The Alternative Fermi Paradox

The Fermi Paradox has been greatly discussed lately in scientific circles. With the discovery of five planets by the Kepler satellite/telescope (these were a calibration test) and James Cameron’s new film ‘Avatar’, interest in space is starting to come back into the public consciousness (for how long?).

Briefly, the Fermi Paradox is that if intelligence has arisen in the Galaxy previously hundreds of millions of years ago, where are they?

Surely if there are civilizations millions of years old, wouldn’t they have spread through the Galaxy and colonized the Earth/Solar System?

Let me state first that the Fermi Parodox was just a lunch-time thought experiment lark proposed by physicist Enrico Fermi back in 1952, he wasn’t really ready to bring it into serious discussion.
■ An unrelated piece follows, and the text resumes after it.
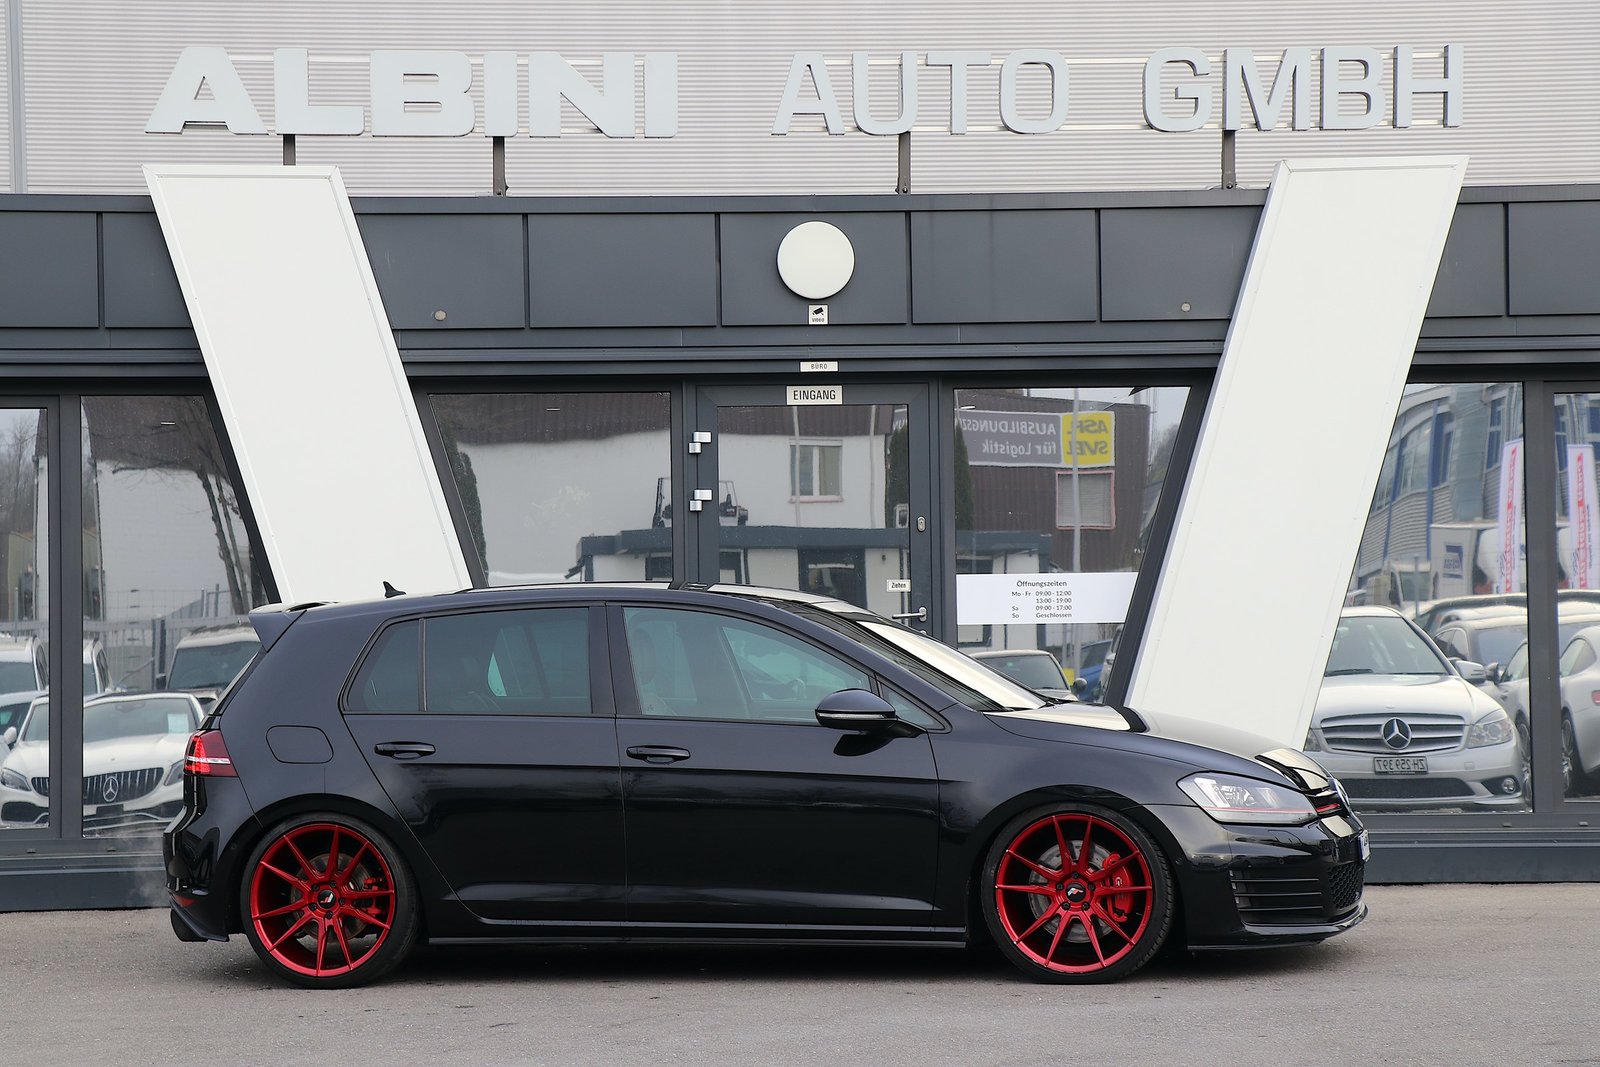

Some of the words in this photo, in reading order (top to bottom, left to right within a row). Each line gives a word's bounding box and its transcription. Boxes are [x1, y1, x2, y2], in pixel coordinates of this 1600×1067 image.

He really didn’t care either way. Number two fallacy about the Fermi Paradox is that it is heavily anthropocentric culturally. How do we suppose that any alien culture/civilization would follow our pattern? Could we recognise an alien civilization if we stumbled across one? What would be the hallmarks, on and on, etc?

So, we shouldn’t imprint what aliens would do, even though we only have one sample size to compare against. Us.

One thing we’re finding out about the Galaxy, planets are fairly common. Just about every star we’ve studied there are planets orbiting them. Albeit most of them are super-Jupiters, but that’s because they’re big enough to be discovered using our primitive methods. As our methods improve, chances are excellent we’ll find an Earth-like planet or exo-moon orbiting a gas giant.

That doesn’t mean we’ll find intelligence right after that, oh no. But chances are in our favor of eventually running across a race of beings who happen to think just like us. At least one. Living or long dead.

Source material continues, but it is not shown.